■ Task prompt
Every line below needs to be transcribed without alteration, and no image may be carried over.

Top of Records for this exercise

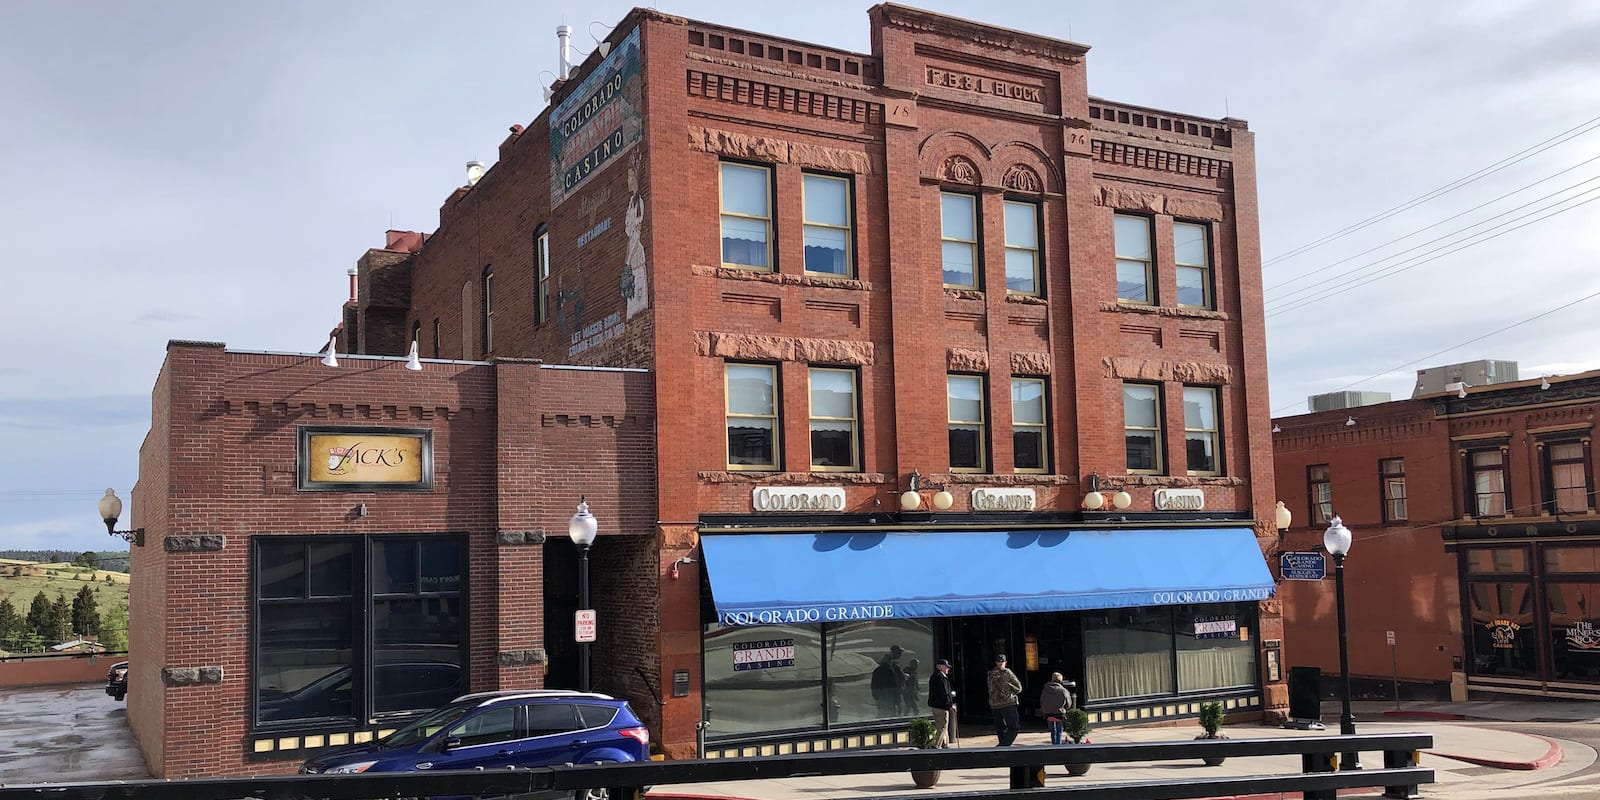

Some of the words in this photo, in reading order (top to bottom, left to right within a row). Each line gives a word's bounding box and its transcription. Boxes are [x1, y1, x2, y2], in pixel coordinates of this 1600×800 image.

[995, 81, 1040, 102] BLOCK
[563, 73, 622, 138] COLORADO
[893, 105, 909, 118] 18
[563, 99, 623, 168] GRANDE
[565, 131, 622, 188] CASINO
[577, 216, 611, 248] RESTAURANT
[328, 441, 407, 471] JACK'S
[1153, 589, 1220, 604] COLORADO
[1224, 587, 1271, 601] GRANDE
[725, 608, 820, 626] COLORADO
[826, 605, 895, 620] GRANDE
[1194, 614, 1236, 623] COLORADO
[1574, 621, 1593, 630] THE
[1196, 630, 1237, 640] CASINO
[734, 640, 794, 650] COLORADO
[734, 647, 794, 662] GRANDE
[734, 660, 795, 671] CASINO

Bottom of Records for this exercise

■ Answer to this task
Some of the words in this photo, in reading order (top to bottom, left to right within a row). Each line gives a word's bounding box and its transcription. Boxes are [x1, y1, x2, y2], in pixel coordinates of this 1600×800 image.

[995, 81, 1040, 102] BLOCK
[563, 73, 622, 138] COLORADO
[893, 105, 909, 118] 18
[563, 99, 623, 168] GRANDE
[565, 131, 622, 188] CASINO
[577, 216, 611, 248] RESTAURANT
[328, 441, 407, 471] JACK'S
[1153, 589, 1220, 604] COLORADO
[1224, 587, 1271, 601] GRANDE
[725, 608, 820, 626] COLORADO
[826, 605, 895, 620] GRANDE
[1194, 614, 1236, 623] COLORADO
[1574, 621, 1593, 630] THE
[1196, 630, 1237, 640] CASINO
[734, 640, 794, 650] COLORADO
[734, 647, 794, 662] GRANDE
[734, 660, 795, 671] CASINO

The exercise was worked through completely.